Required action:
If a record holds a picture, drop the picture and return the rest of the record word for word.

Images for object localization:
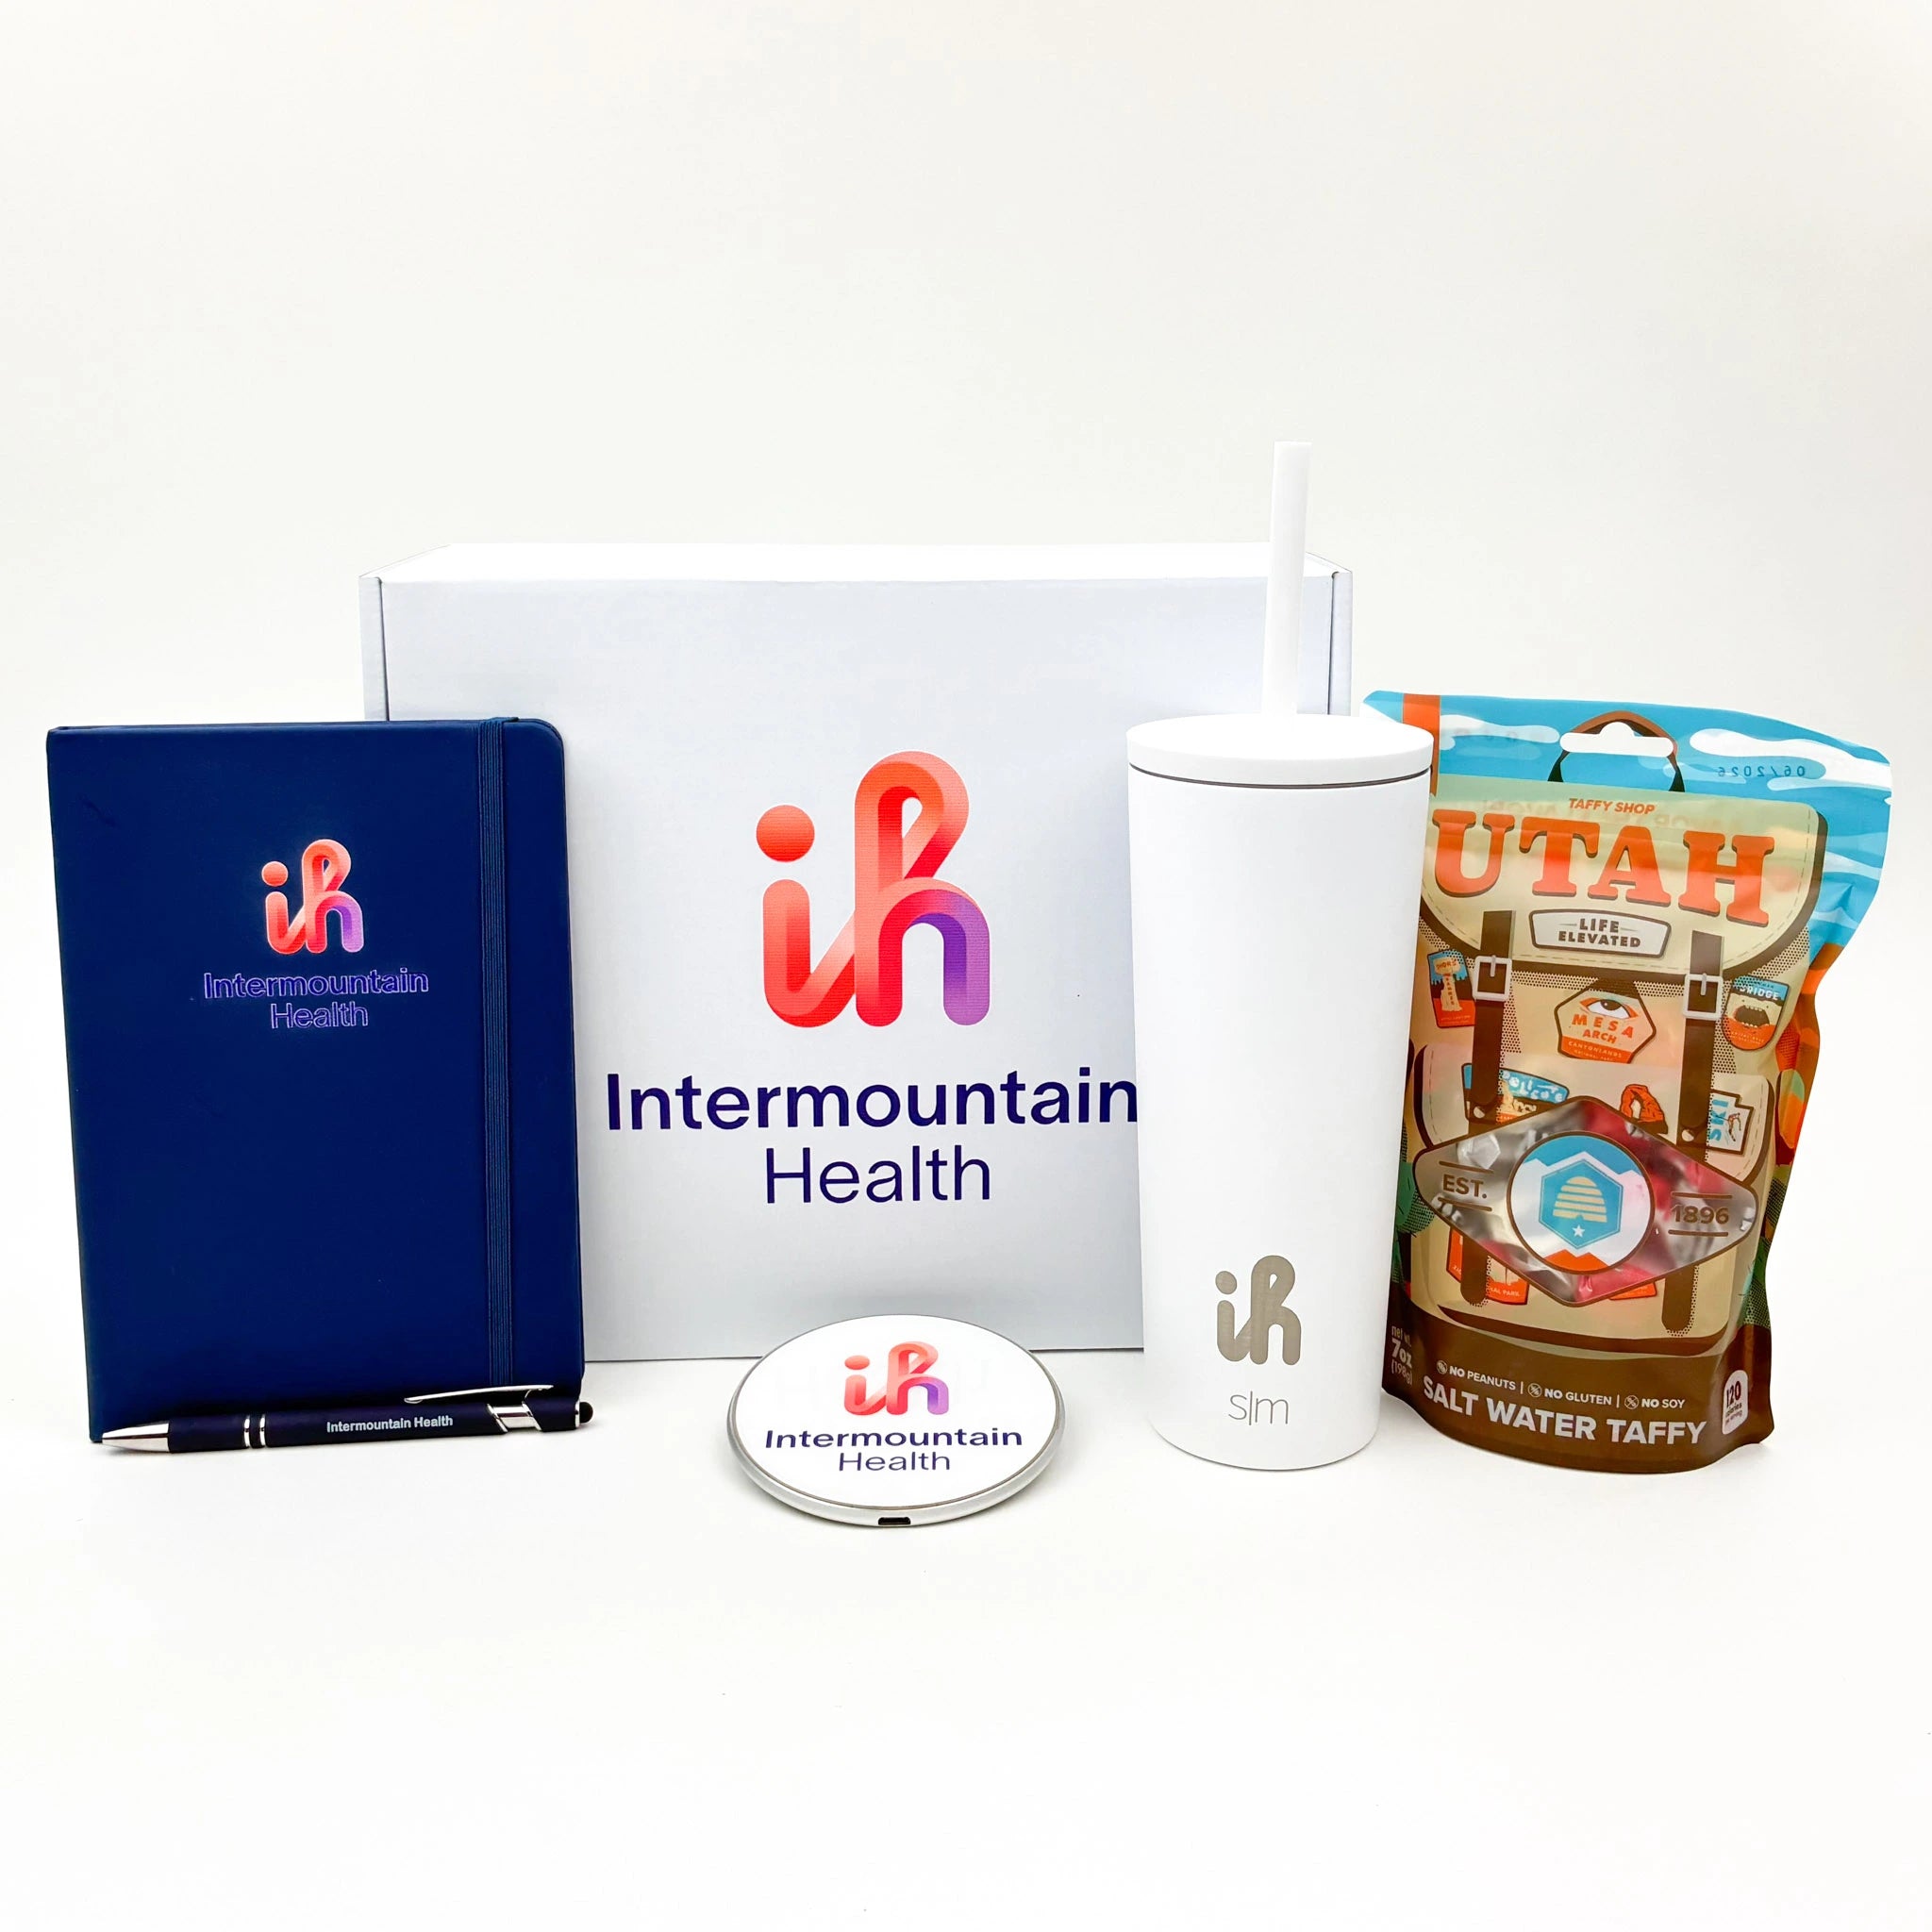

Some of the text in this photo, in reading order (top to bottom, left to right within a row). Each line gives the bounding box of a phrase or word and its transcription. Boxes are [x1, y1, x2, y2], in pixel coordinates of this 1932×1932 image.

[1568, 798, 1612, 811] TAFFY
[1614, 802, 1656, 814] SHOP
[1432, 809, 1774, 927] UTAH
[1579, 918, 1620, 933] LIFE
[1558, 930, 1641, 948] ELEVATED
[203, 966, 430, 1000] Intermountain
[270, 1001, 369, 1029] Health
[1571, 1013, 1634, 1038] MESA
[1582, 1029, 1617, 1043] ARCH
[607, 1067, 1138, 1130] Intermountain
[1708, 1099, 1729, 1141] SKI
[766, 1144, 991, 1204] Health
[1442, 1174, 1488, 1199] EST.
[1672, 1204, 1730, 1225] 1896
[1391, 1338, 1412, 1369] 7oz
[1449, 1366, 1517, 1391] NO PEANUTS
[1544, 1388, 1612, 1406] NO GLUTEN
[1641, 1398, 1686, 1408] NO SOY
[1726, 1380, 1741, 1408] 120
[1423, 1375, 1707, 1445] SALT WATER TAFFY
[326, 1415, 454, 1433] Intermountain Health
[765, 1427, 1024, 1449] Intermountain
[838, 1451, 951, 1472] Health

Result:
Some of the text in this photo, in reading order (top to bottom, left to right within a row). Each line gives the bounding box of a phrase or word and its transcription. Boxes are [x1, y1, x2, y2], in pixel coordinates of this 1932×1932 image.

[1568, 798, 1612, 811] TAFFY
[1614, 802, 1656, 814] SHOP
[1432, 809, 1774, 927] UTAH
[1579, 918, 1620, 933] LIFE
[1558, 930, 1641, 948] ELEVATED
[203, 966, 430, 1000] Intermountain
[270, 1001, 369, 1029] Health
[1571, 1013, 1634, 1038] MESA
[1582, 1029, 1617, 1043] ARCH
[607, 1067, 1138, 1130] Intermountain
[1708, 1099, 1729, 1141] SKI
[766, 1144, 991, 1204] Health
[1442, 1174, 1488, 1199] EST.
[1672, 1204, 1730, 1225] 1896
[1391, 1338, 1412, 1369] 7oz
[1449, 1366, 1517, 1391] NO PEANUTS
[1544, 1388, 1612, 1406] NO GLUTEN
[1641, 1398, 1686, 1408] NO SOY
[1726, 1380, 1741, 1408] 120
[1423, 1375, 1707, 1445] SALT WATER TAFFY
[326, 1415, 454, 1433] Intermountain Health
[765, 1427, 1024, 1449] Intermountain
[838, 1451, 951, 1472] Health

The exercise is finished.